*Exercise prompt*:
Your answer must be the full listing below, restated word for word, with no pictures in it.

Input data: Begin

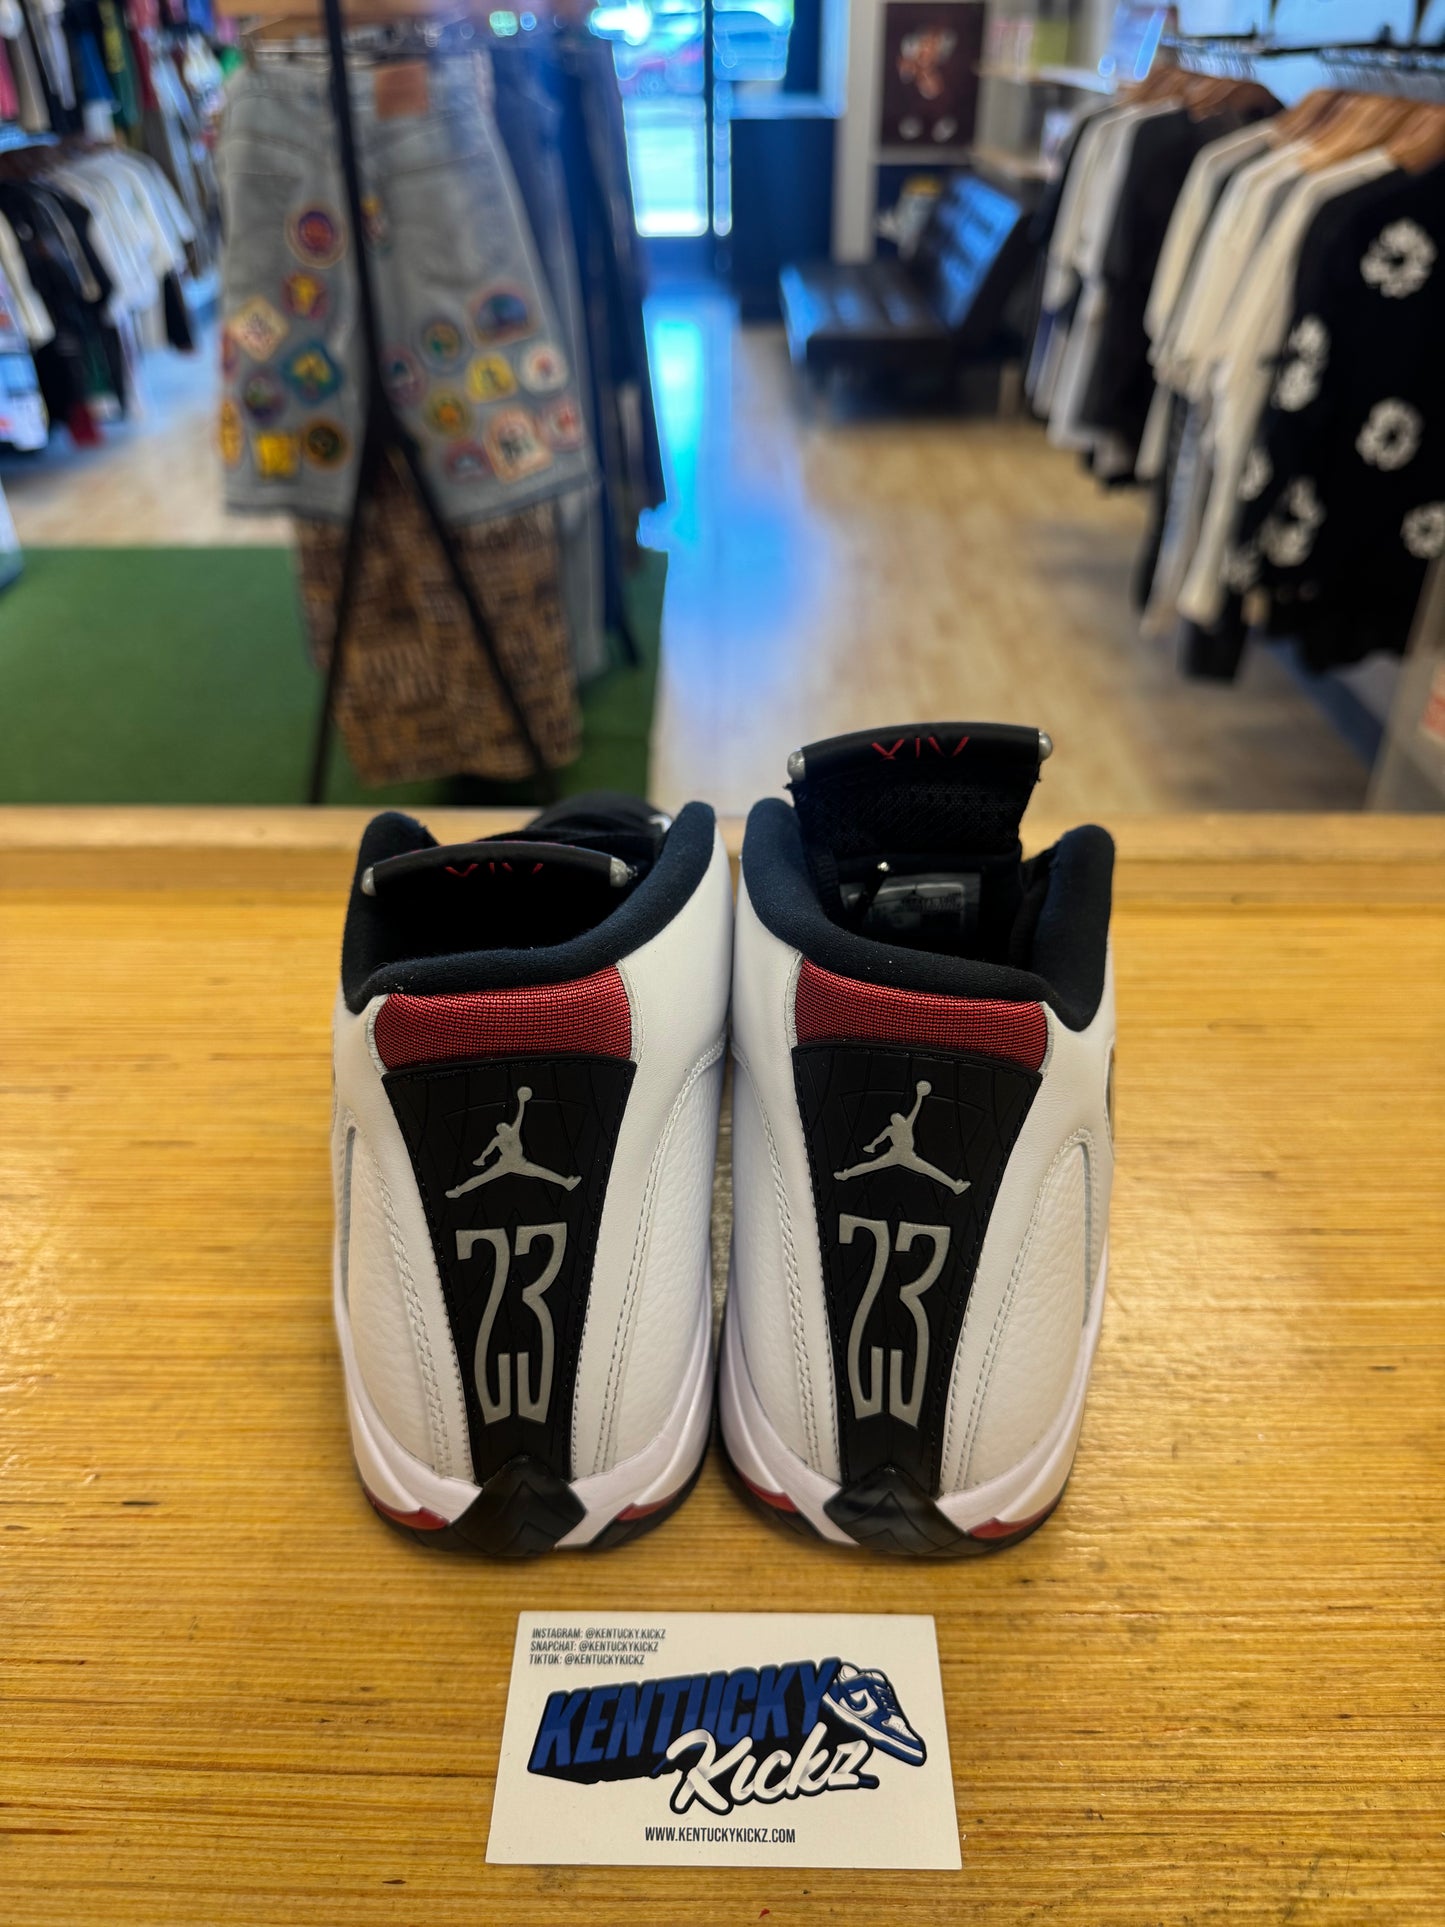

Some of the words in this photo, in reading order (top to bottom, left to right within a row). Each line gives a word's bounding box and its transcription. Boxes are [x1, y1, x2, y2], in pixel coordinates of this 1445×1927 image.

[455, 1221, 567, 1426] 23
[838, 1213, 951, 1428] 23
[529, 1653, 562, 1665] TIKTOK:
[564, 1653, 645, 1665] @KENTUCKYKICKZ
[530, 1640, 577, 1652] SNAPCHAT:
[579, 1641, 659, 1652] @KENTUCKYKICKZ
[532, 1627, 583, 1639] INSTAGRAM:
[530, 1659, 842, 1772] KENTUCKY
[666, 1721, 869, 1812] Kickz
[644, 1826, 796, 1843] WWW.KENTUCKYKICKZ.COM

Input data: End

*Solution for this task*:
Some of the words in this photo, in reading order (top to bottom, left to right within a row). Each line gives a word's bounding box and its transcription. Boxes are [x1, y1, x2, y2], in pixel coordinates of this 1445×1927 image.

[455, 1221, 567, 1426] 23
[838, 1213, 951, 1428] 23
[529, 1653, 562, 1665] TIKTOK:
[564, 1653, 645, 1665] @KENTUCKYKICKZ
[530, 1640, 577, 1652] SNAPCHAT:
[579, 1641, 659, 1652] @KENTUCKYKICKZ
[532, 1627, 583, 1639] INSTAGRAM:
[530, 1659, 842, 1772] KENTUCKY
[666, 1721, 869, 1812] Kickz
[644, 1826, 796, 1843] WWW.KENTUCKYKICKZ.COM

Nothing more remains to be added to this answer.